— Exercise brief —
Could you repeat all of the entries below word for word, apart from the pictures?

— Given records —
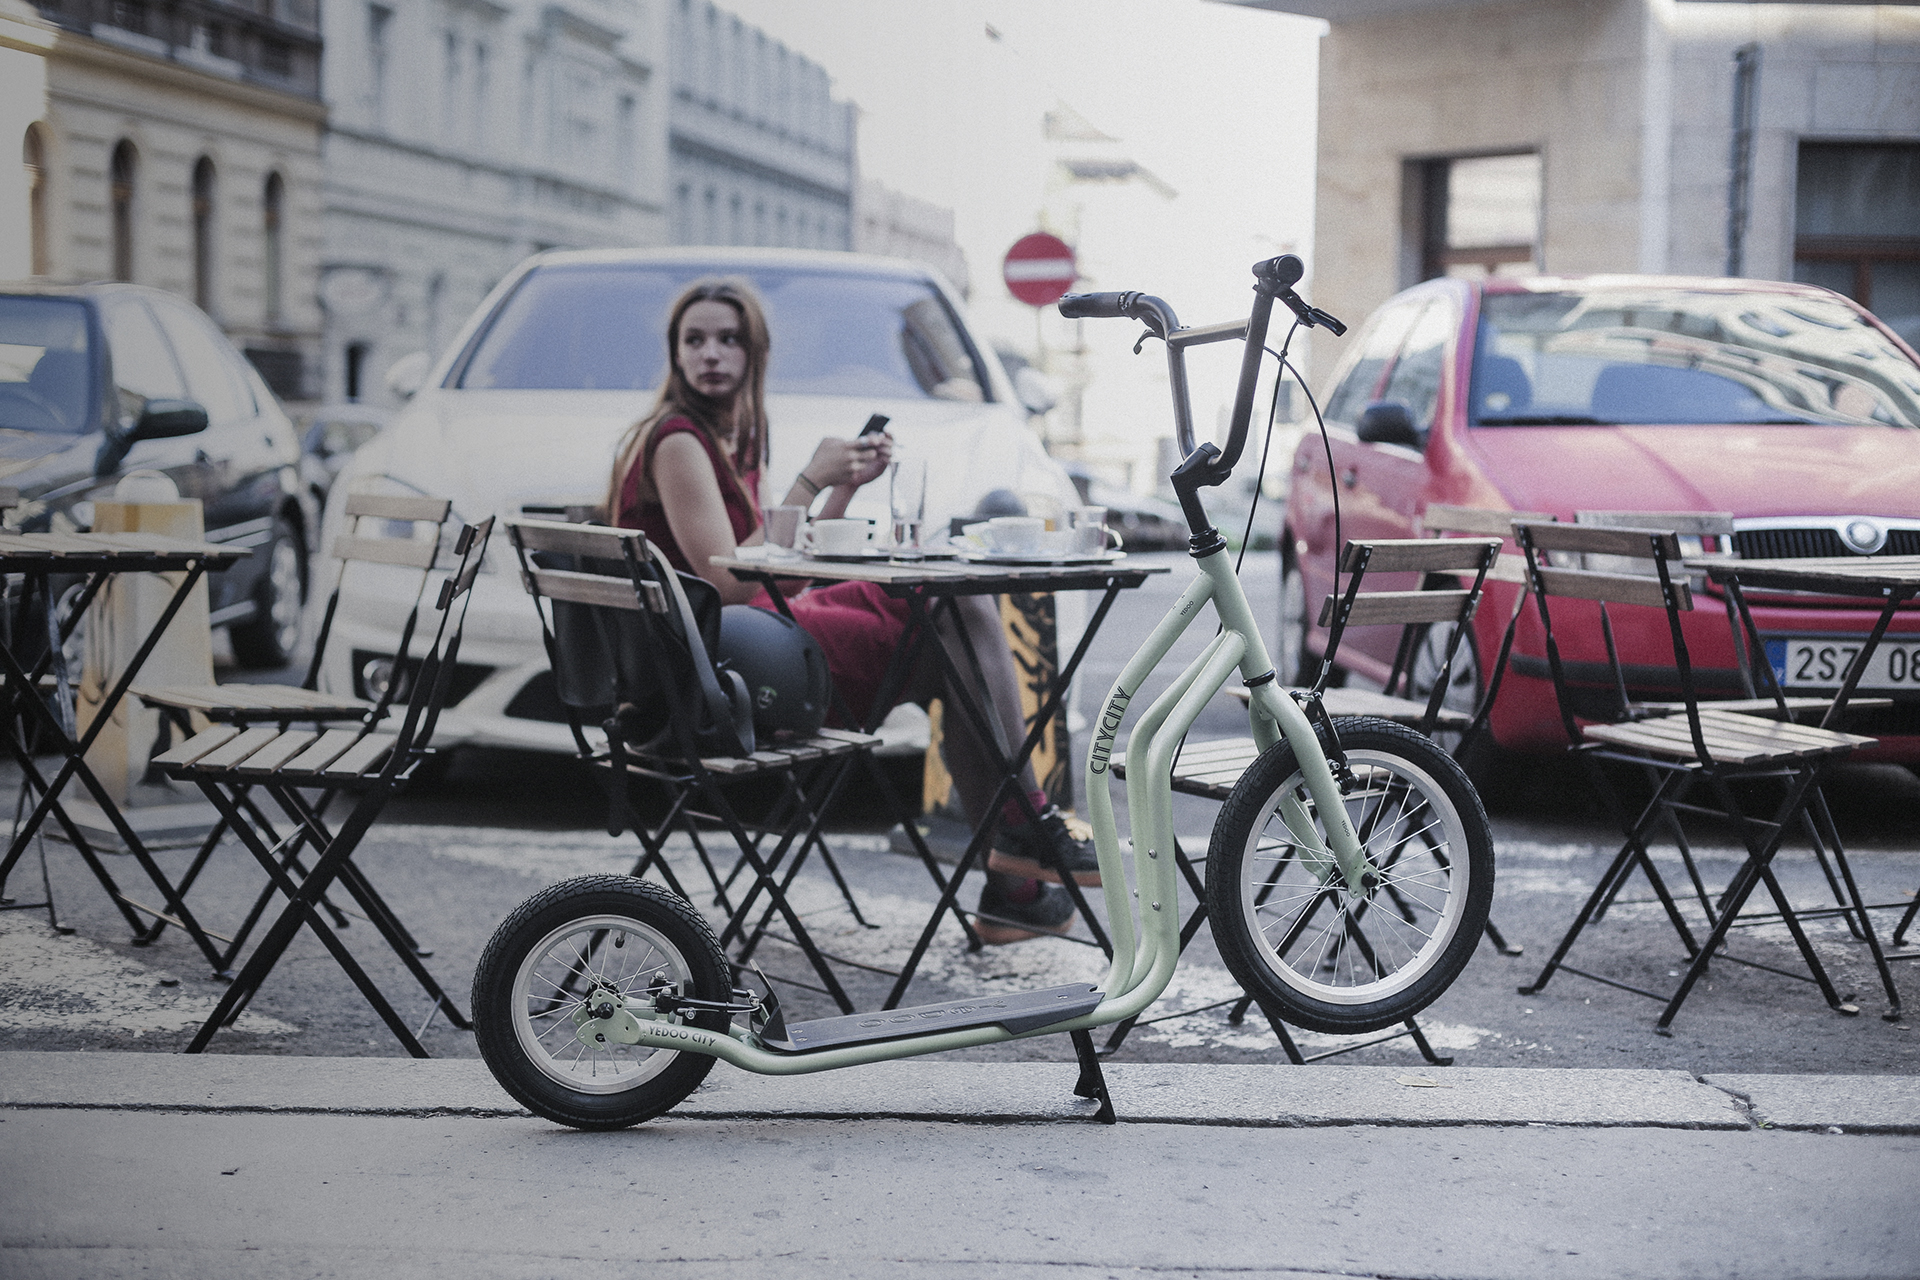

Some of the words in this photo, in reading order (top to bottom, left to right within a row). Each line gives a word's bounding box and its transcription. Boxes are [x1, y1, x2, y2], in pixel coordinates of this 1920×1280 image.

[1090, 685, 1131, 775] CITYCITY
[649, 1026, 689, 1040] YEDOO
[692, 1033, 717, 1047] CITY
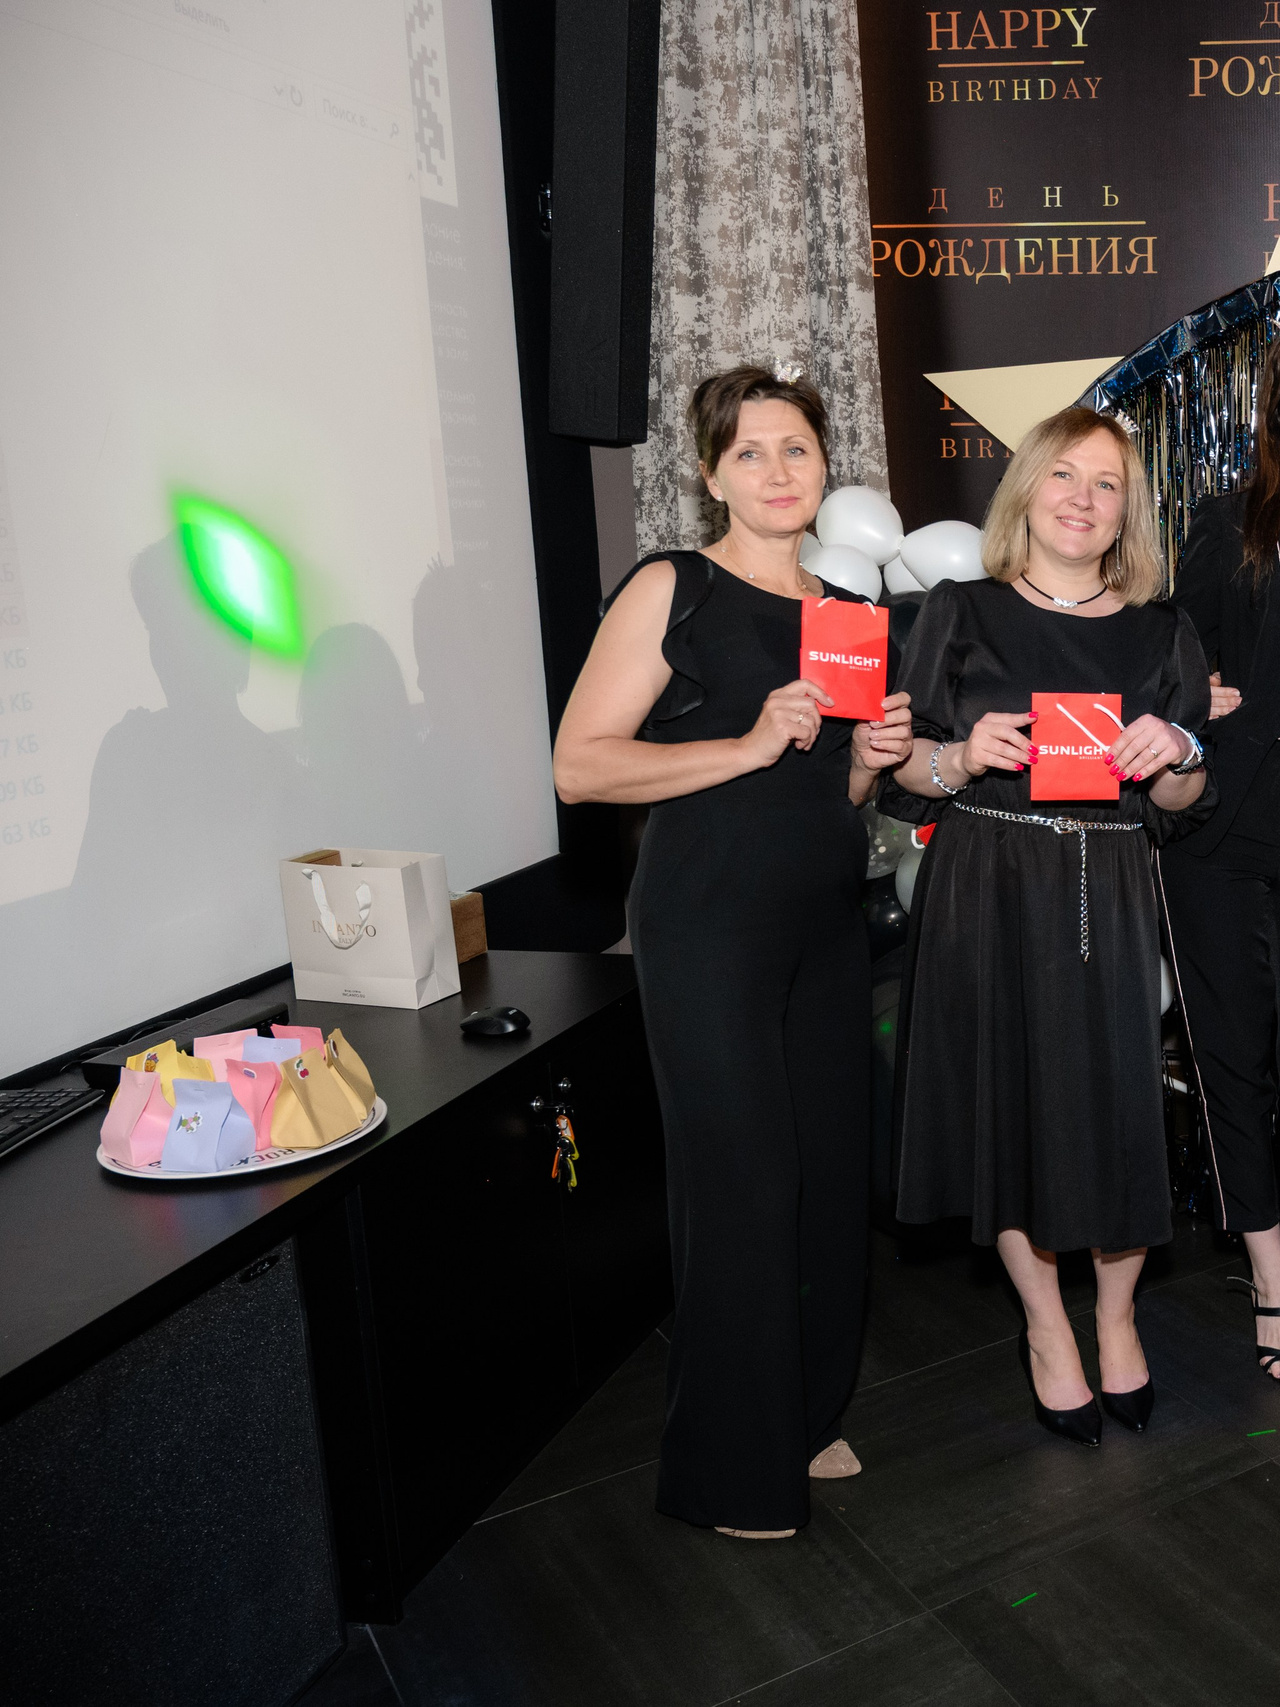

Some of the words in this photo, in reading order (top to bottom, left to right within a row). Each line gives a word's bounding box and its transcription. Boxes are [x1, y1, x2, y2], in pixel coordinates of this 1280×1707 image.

— Written solution —
Some of the words in this photo, in reading order (top to bottom, left to right within a row). Each line gives a word's bounding box and its transcription. Boxes are [x1, y1, x2, y2], in pixel coordinates of this 1920×1280 image.

[1090, 685, 1131, 775] CITYCITY
[649, 1026, 689, 1040] YEDOO
[692, 1033, 717, 1047] CITY

Some of the words in this photo, in reading order (top to bottom, left to right within a row). Each line gives a word's bounding box and its transcription. Boxes are [x1, y1, x2, y2], in pixel coordinates of this 1280×1707 image.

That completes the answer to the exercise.